CAPITALIZATION POLICY
---------------------
Maintenance and repairs are charged to operations as incurred; major
renewals and betterments are capitalized.
REVENUE RECOGNITION
-------------------
Revenue is recognized when earned. Ongoing credit evaluations are
performed and an allowance for potential credit losses is provided against
the portion of accounts receivable which is estimated to be uncollectible.
Such losses have been within management's expectations.
USE OF ESTIMATES
----------------
The preparation of financial statements in accordance with generally
accepted accounting principles requires management to make estimates and
assumptions that effect the reported amounts of revenue and expenses during
the reporting period.

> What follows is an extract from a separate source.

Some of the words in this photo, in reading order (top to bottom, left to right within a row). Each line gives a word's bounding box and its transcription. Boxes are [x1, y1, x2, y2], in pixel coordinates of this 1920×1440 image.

Actual results could differ from those estimates.
F-99
<PAGE>
WYNDHAM EMERALD PLAZA
NOTES TO STATEMENTS OF DIRECT REVENUES
AND DIRECT OPERATING EXPENSES, CONTINUED
3. RELATED PARTY TRANSACTIONS:
--------------------------
MANAGEMENT AGREEMENTS
---------------------
The Hotels are managed by Wyndham Hotel Corporation ("Wyndham") under a
management agreement which expires in 2005. This agreement provides for
management fees and trade name fees of two percent of total revenues and
room revenue, respectively. This agreement also provides for incentive
management fees based on twenty percent of the amount by which net operating
income, as defined in the agreement, exceeds $4,400,000. There were no
incentive fees paid for the year ended December 31, 1996.
MARKETING ASSESSMENTS
---------------------
In exchange for use of its central marketing and reservation system, Wyndham
assesses the Hotel fees equal to 1.5 percent of gross room revenue.

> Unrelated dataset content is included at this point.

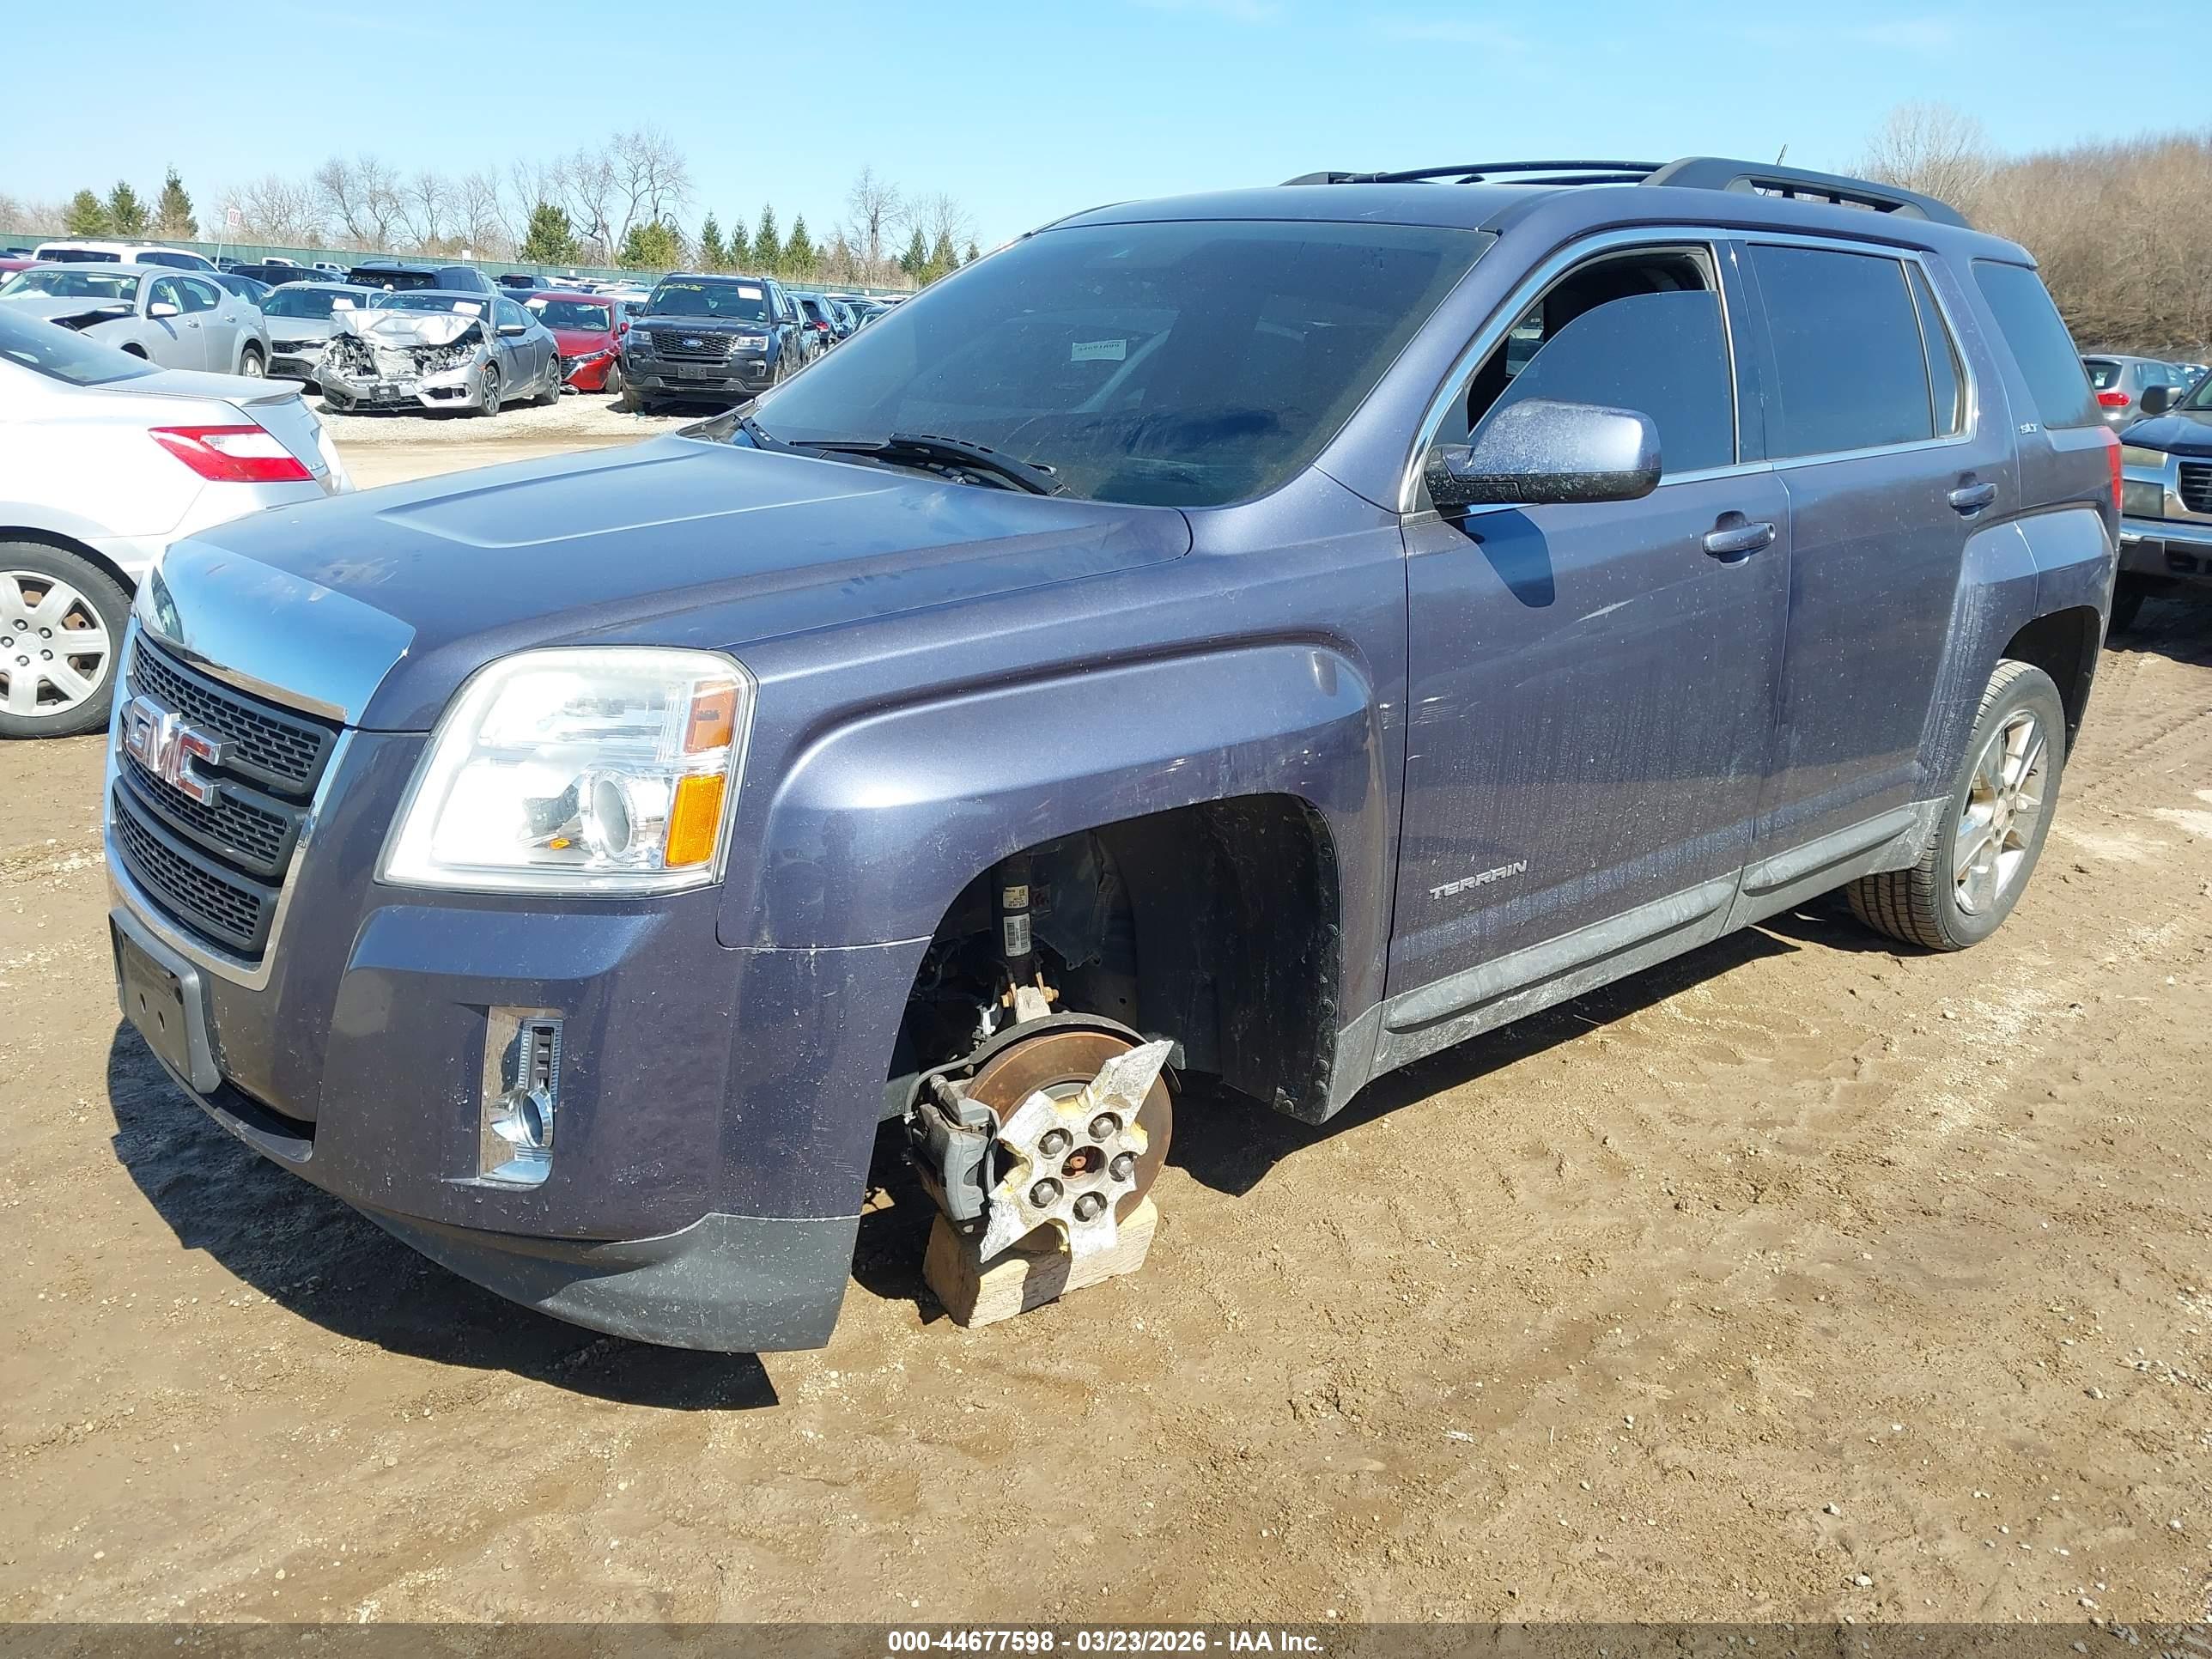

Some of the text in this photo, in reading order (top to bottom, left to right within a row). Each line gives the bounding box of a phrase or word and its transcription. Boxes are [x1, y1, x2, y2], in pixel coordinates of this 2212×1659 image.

[2020, 422, 2039, 434] SLT
[126, 695, 221, 806] GMC
[1429, 859, 1528, 901] TERRAIN

Marketing and reservation assessments of approximately $183,500 are included
in advertising and promotion expense for the year ended December 31, 1996.
COMMON AREA CHARGES
-------------------
The Hotel pays for services provided by a related party for repairs and
maintenance, utilities and building engineering. The Hotel paid
approximately $994,000 for these services for the year ended December 31,
1996. In addition, the Hotel receives payments for services provided to a
related party for similar services. The Hotel received payments of
approximately $656,000 for these services for the year ended December 31,
1996.
4. EMPLOYEE BENEFIT PLAN:
---------------------
The Hotel maintains a defined benefit savings plan for all eligible
employees. Hotel contributions are based on the participating employees'
contributions reduced by any forfeitures in the plan. Vesting begins after
one year with 100% vesting after five years. The Hotel's contribution was
$14,264 for the year ended December 31, 1996.
F-100
<PAGE>
WYNDHAM EMERALD PLAZA
NOTES TO STATEMENTS OF DIRECT REVENUES
AND DIRECT OPERATING EXPENSES, Continued
5. UNAUDITED FINANCIAL INFORMATION:
-------------------------------
The following supplemental financial information has been provided by the
Hotel's management company on an unaudited basis for certain of those
expenses which have been omitted from the accompanying Statements.

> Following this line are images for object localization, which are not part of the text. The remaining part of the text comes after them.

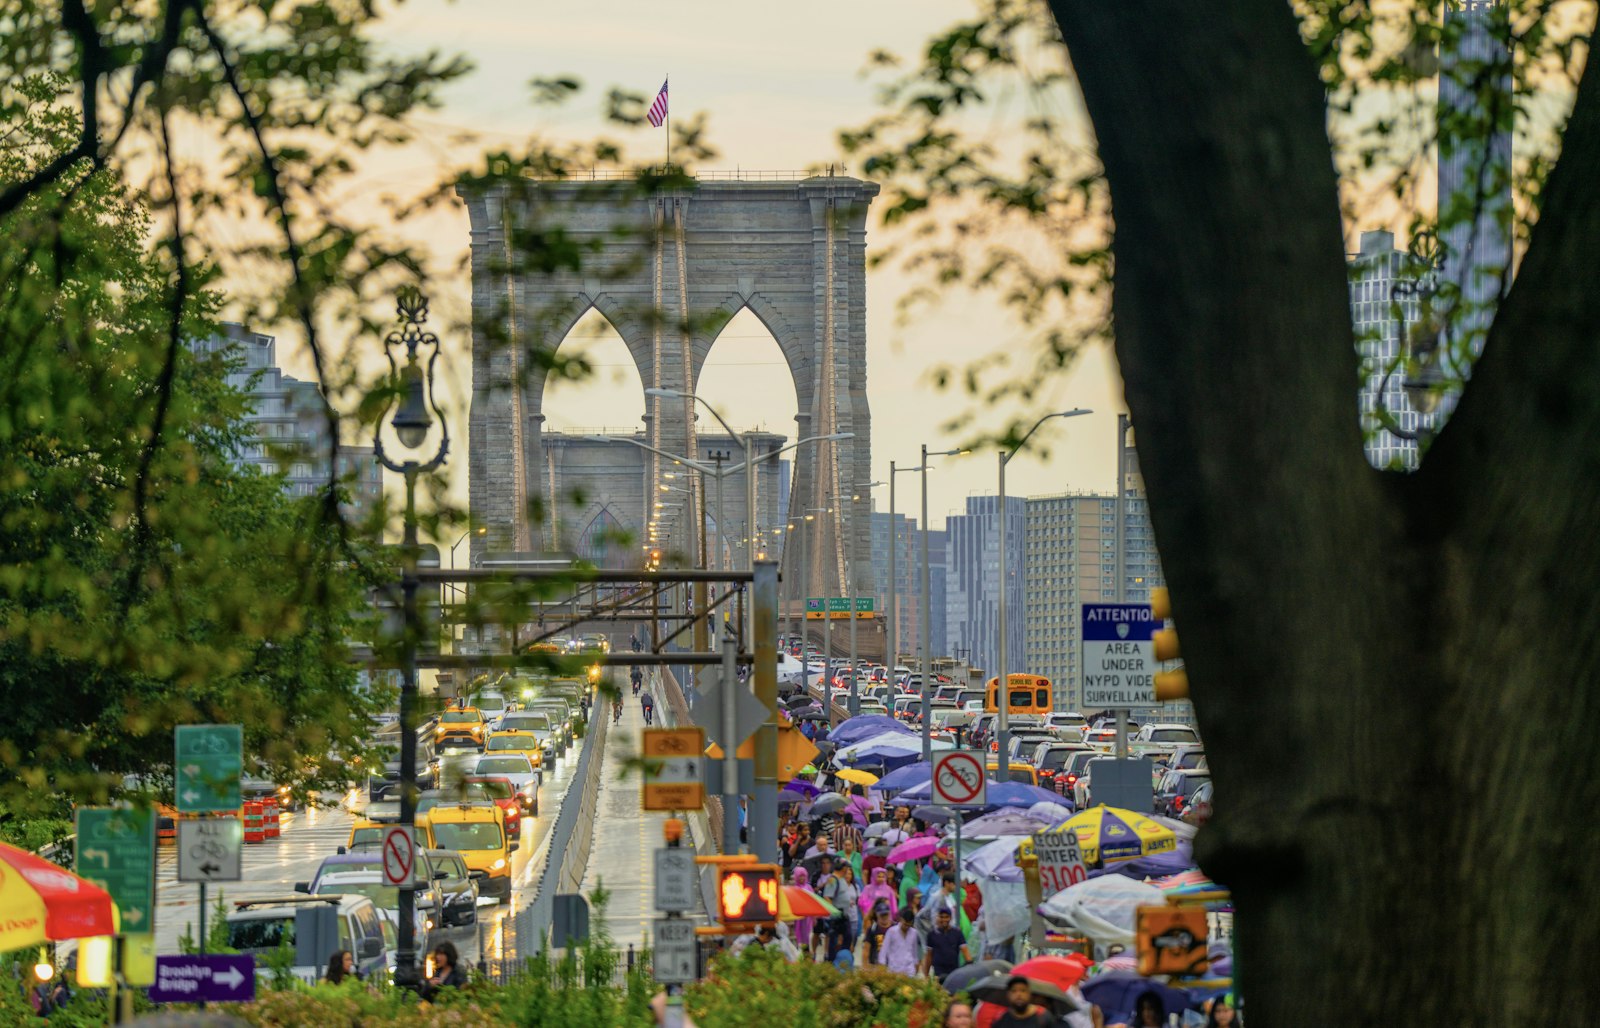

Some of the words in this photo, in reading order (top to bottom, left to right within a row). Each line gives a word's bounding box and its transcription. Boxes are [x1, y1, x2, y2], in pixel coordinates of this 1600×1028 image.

[1105, 643, 1140, 654] AREA
[1102, 659, 1144, 670] UNDER
[1086, 675, 1120, 686] NYPD
[1126, 675, 1152, 686] VIDE
[1086, 690, 1155, 702] SURVEILLANC
[197, 823, 219, 835] ALL
[1045, 832, 1077, 847] COLD
[758, 878, 778, 915] 4
[159, 964, 212, 980] Brooklyn
[158, 977, 198, 994] Bridge

Supporting information was not provided by the owner.
Additions to furniture, fixtures and equipment ("FF&E") for the Hotel
totaled approximately $644,000 for the year ended December 31, 1996.
Depreciation expense related to FF&E is computed using the straight-line
method based on estimated useful lives ranging from five to seven years.
Estimated depreciation expense related to FF&E was approximately $43,000 for
the year ended December 31, 1996.
Patriot's estimated allocation of the purchase price will be $5,550,900 to
land, $60,439,100 to building and improvements, and $4,890,000 to FF&E.
Expected lives for building and improvements, and FF&E are thirty-five
years and five to seven years, respectively.